Why freewill theism logically denies the verbal inspiration of Scripture


Arminian theologian Roger Olson gives us yet another reason to reject freewill theism:

I believe Calvinism is riddled with such distinctions without differences. But such pop up all over the place in theology; it’s not a problem confined to Calvinism. One that never ceases to befuddle me is that made by many conservative evangelicals—between “dictation” and “plenary verbal inspiration” of the Bible. Many conservative evangelicals (such as Millard Erickson) go to great lengths to attempt to demonstrate that “plenary verbal inspiration” is not the same as dictation inspiration. At the end of their explanations I’m left scratching my head because this appears to be a distinction without a difference no matter what they say. They say, for example, that in the process we call “divine inspiration of Scripture” God directed the human authors to the very words he wanted them to use without over riding their personalities or using them mechanically. Millard Erickson, for example, in Christian Theology, appeals to a form of compatibilism to explain how plenary verbal inspiration is different from dictation. God, he says, prepared Paul (for example) to be the kind of person who would freely choose to write the very words he wanted Paul to use in writing his inspired epistles. To me, the typical conservative evangelical explanation of the “difference” between verbal plenary inspiration and dictation inspiration disappears once inspected closely. It’s a distinction without a difference. 
Read more: http://www.patheos.com/blogs/rogereolson/2015/01/a-problem-in-theology-distinctions-without-differences/#ixzz3NuQtZmYL

3 comments:

  1. I'm not sure why Olson would be troubled by such definitions since he denies, subverts, and/or outright rejects huge swaths of Scripture at the outset.
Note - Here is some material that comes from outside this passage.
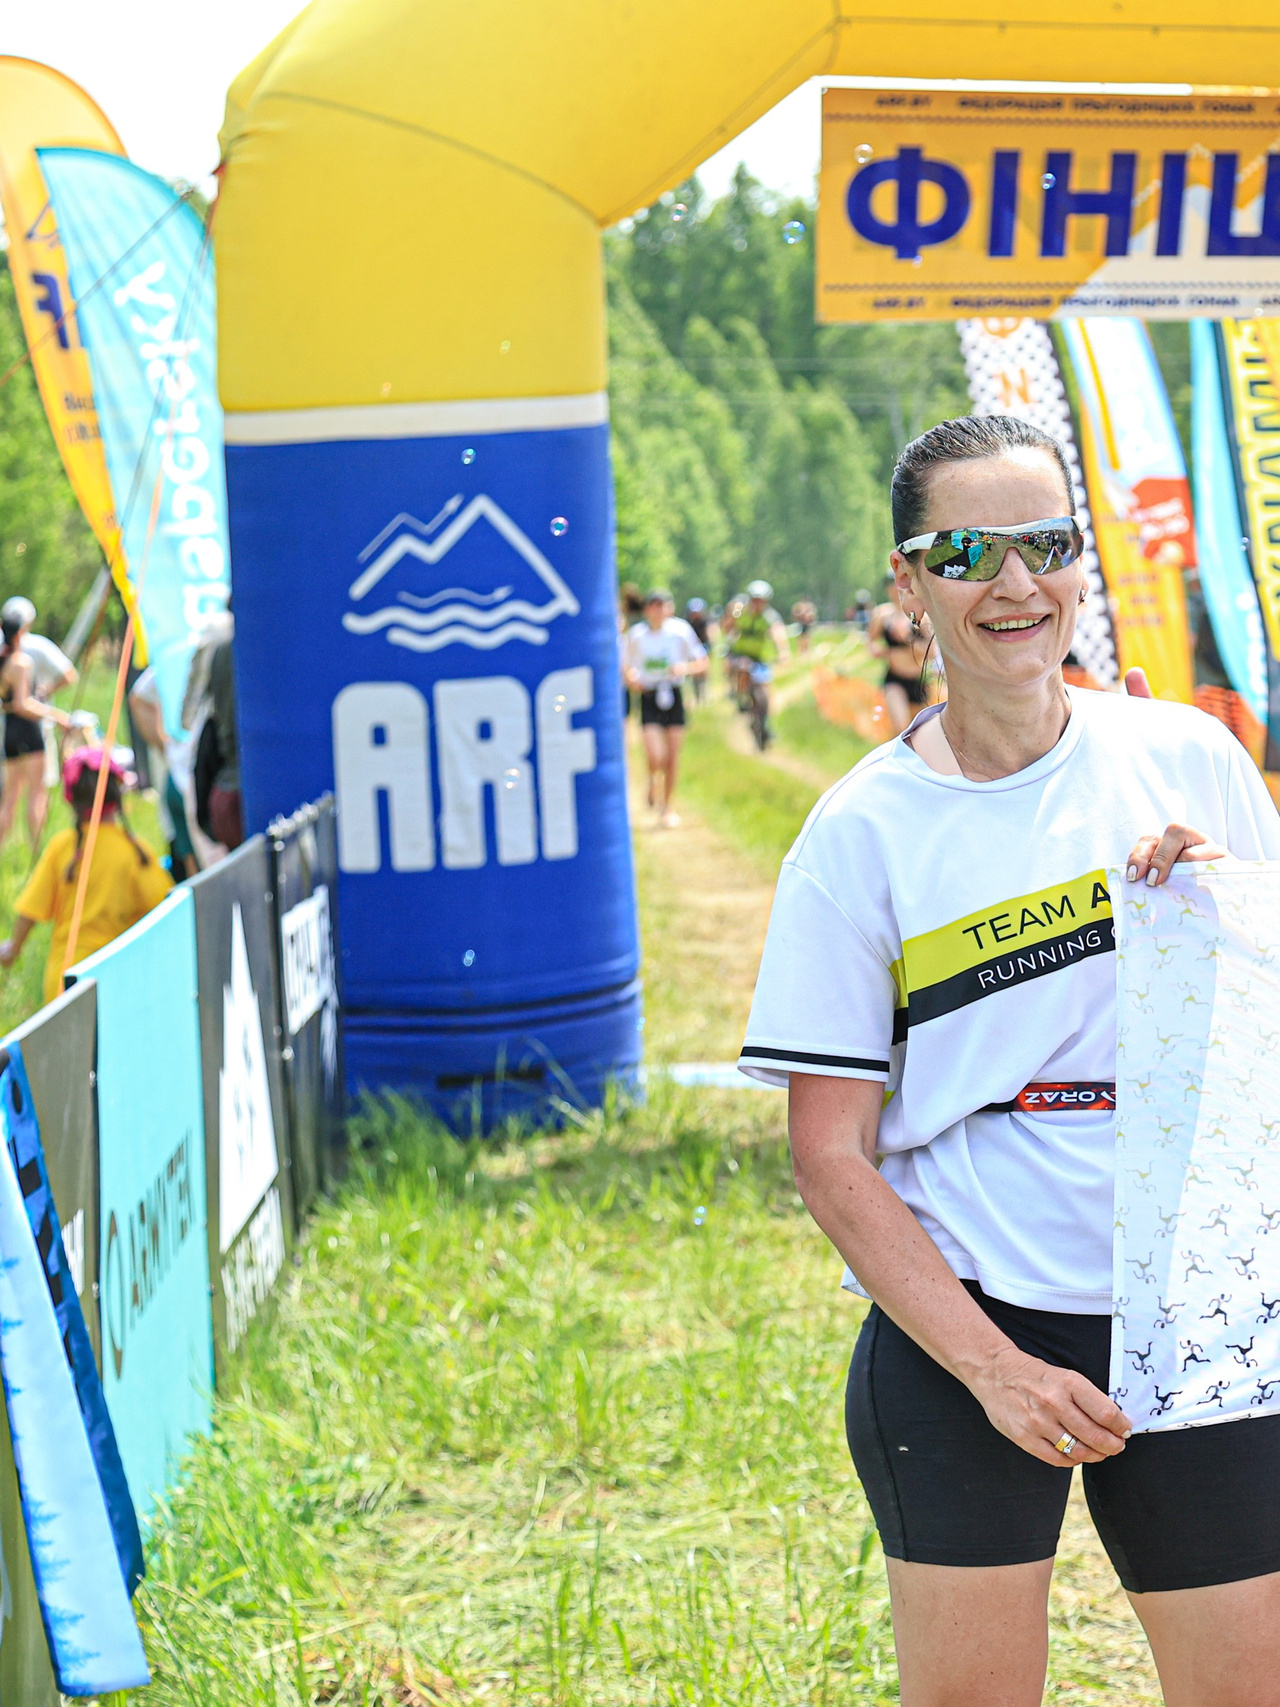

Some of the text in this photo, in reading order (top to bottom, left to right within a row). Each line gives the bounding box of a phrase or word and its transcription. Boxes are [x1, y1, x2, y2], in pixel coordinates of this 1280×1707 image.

    It's like listening to theological liberals quibble over whether or not this or that saying can be attributed to the "historical Jesus" while a priori denying the basic reliability of the Gospels.

    ReplyDelete
  2. What do you consider the substantive differences between dictation and verbal plenary inspiration?

    ReplyDelete
    Replies
    1. Since dictation is presumably a metaphor in this context, you'd need to begin by explaining what process you think that literally stands for before we'd be in a position to compare and contrast it to verbal plenary inspiration. Since Olson is the one who says it's a distinction without a difference, it's incumbent on him to state what he means by the dictation theory.
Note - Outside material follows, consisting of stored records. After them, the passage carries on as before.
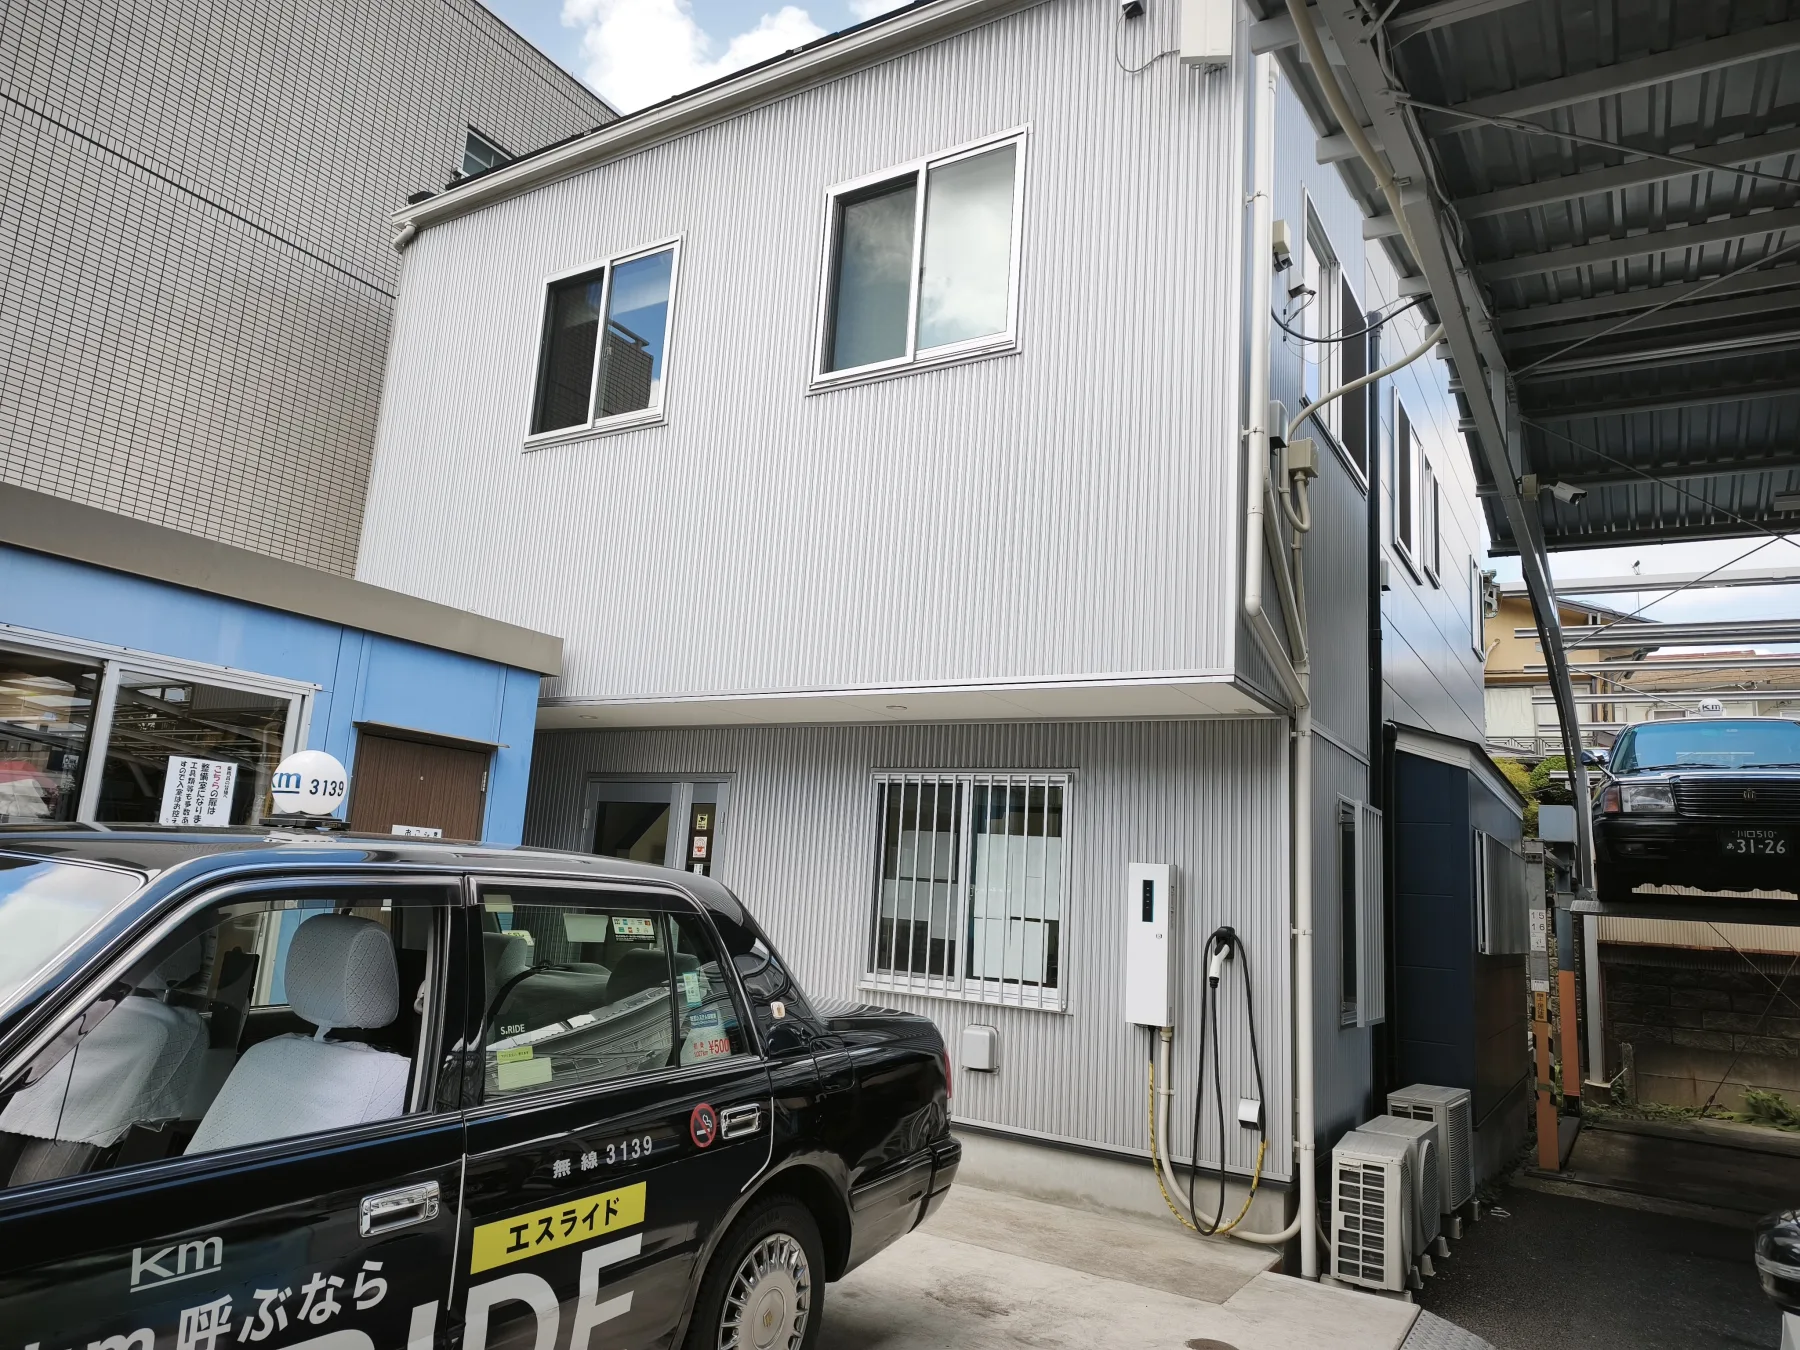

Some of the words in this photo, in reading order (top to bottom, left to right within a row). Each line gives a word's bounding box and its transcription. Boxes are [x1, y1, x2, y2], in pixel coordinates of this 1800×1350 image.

[309, 779, 345, 797] 3139
[1736, 839, 1786, 854] 31-26
[500, 1024, 526, 1035] S.RIDE
[708, 1037, 730, 1055] ¥500
[606, 1135, 653, 1165] 3139
[506, 1197, 620, 1255] エスライド
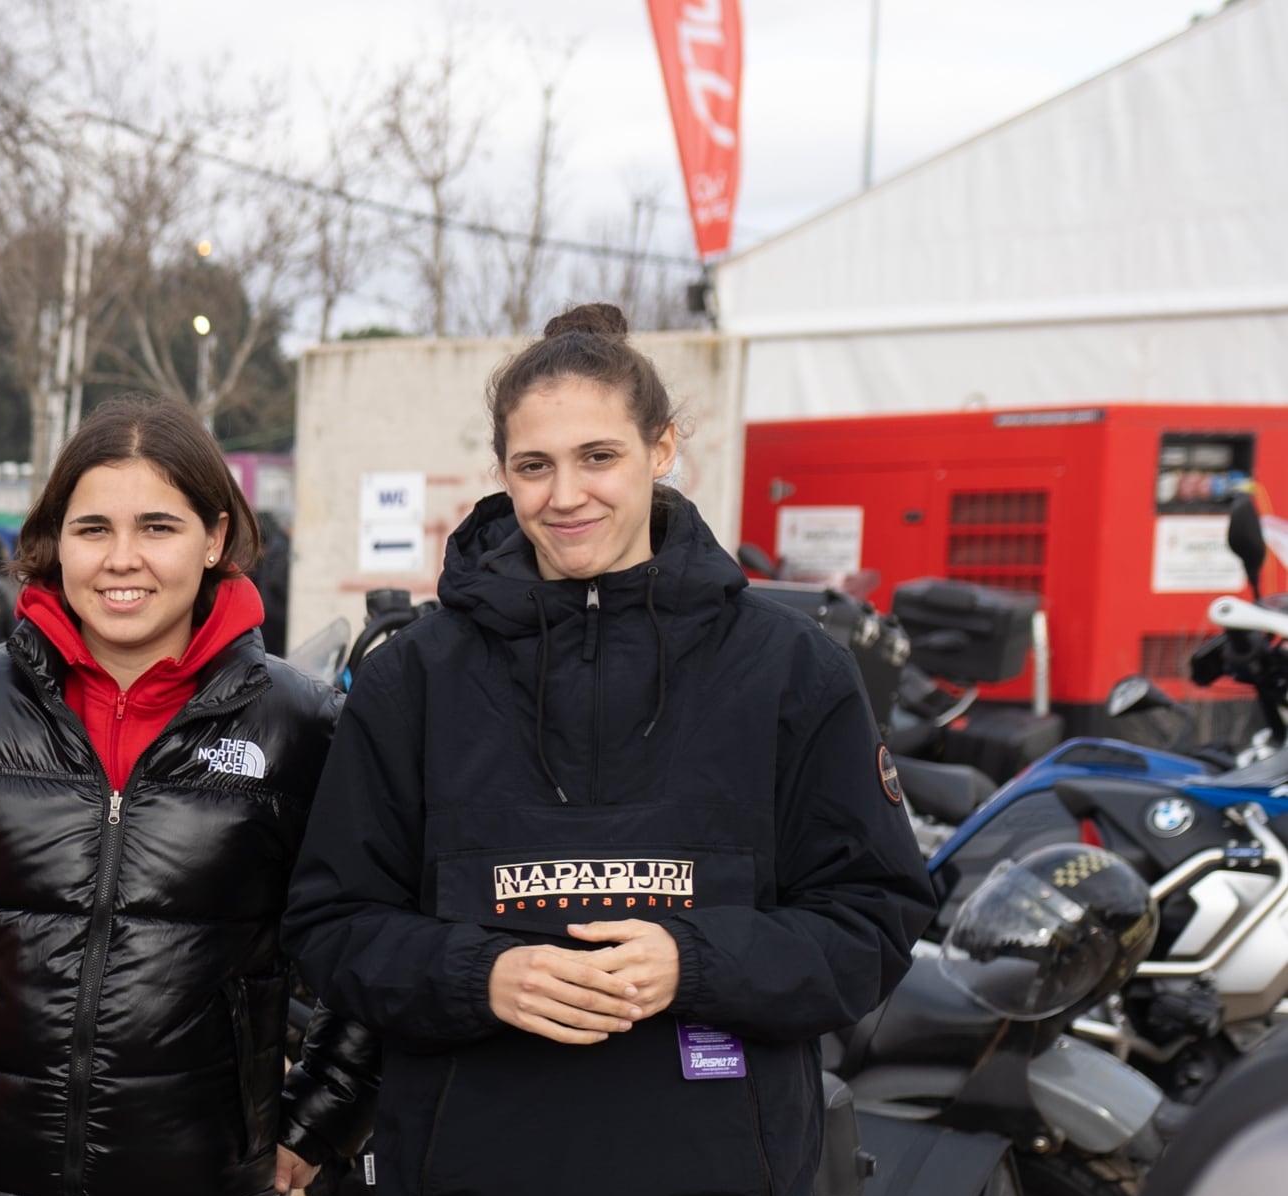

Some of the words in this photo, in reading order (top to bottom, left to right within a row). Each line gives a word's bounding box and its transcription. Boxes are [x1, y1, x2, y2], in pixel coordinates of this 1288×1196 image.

[220, 738, 246, 752] THE
[198, 748, 243, 763] NORTH
[208, 760, 242, 774] FACE
[498, 862, 691, 896] NAPAPIJRI
[495, 896, 693, 914] geographic
      The standard conservative paradigm is the organic theory of inspiration, classically expounded by Warfield. For instance:

      these books were not produced suddenly, by some miraculous act — handed down complete out of heaven, as the phrase goes; but, like all other products of time, are the ultimate effect of many processes cooperating through long periods. There is to be considered, for instance, the preparation of the material which forms the subject-matter of these books: in a sacred history, say, for example, to be narrated; or in a religious experience which may serve as a norm for record; or in a logical elaboration of the contents of revelation which may be placed at the service of God’s people; or in the progressive revelation of Divine truth itself, supplying their culminating contents. And there is the preparation of the men to write these books to be considered, a preparation physical, intellectual, spiritual, which must have attended them throughout their whole lives, and, indeed, must have had its beginning in their remote ancestors, and the effect of which was to bring the right men to the right places at the right times, with the right endowments, impulses, acquirements, to write just the books which were designed for them. When “inspiration,” technically so called, is superinduced on lines of preparation like these, it takes on quite a different aspect from that which it bears when it is thought of as an isolated action of the Divine Spirit operating out of all relation to historical processes.
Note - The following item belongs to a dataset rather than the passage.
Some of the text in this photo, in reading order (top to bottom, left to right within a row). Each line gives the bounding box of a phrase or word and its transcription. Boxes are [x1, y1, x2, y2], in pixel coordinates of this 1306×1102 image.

      What if this personality has itself been formed by God into precisely the personality it is, for the express purpose of communicating to the word given through it just the coloring which it gives it? What if the colors of the stained-glass window have been designed by the architect for the express purpose of giving to the light that floods the cathedral precisely the tone and quality it receives from them? What if the word of God that comes to His people is framed by God into the word of God it is, precisely by means of the qualities of the men formed by Him for the purpose, through which it is given? When we think of God the Lord giving by His Spirit a body of authoritative Scriptures to His people, we must remember that He is the God of providence and of grace as well as of revelation and inspiration, and that He holds all the lines of preparation as fully under His direction as He does the specific operation which we call technically, in the narrow sense, by the name of “inspiration.” The production of the Scriptures is, in point of fact, a long process, in the course of which numerous and very varied Divine activities are involved, providential, gracious, miraculous, all of which must be taken into account in any attempt to explain the relation of God to the production of Scripture.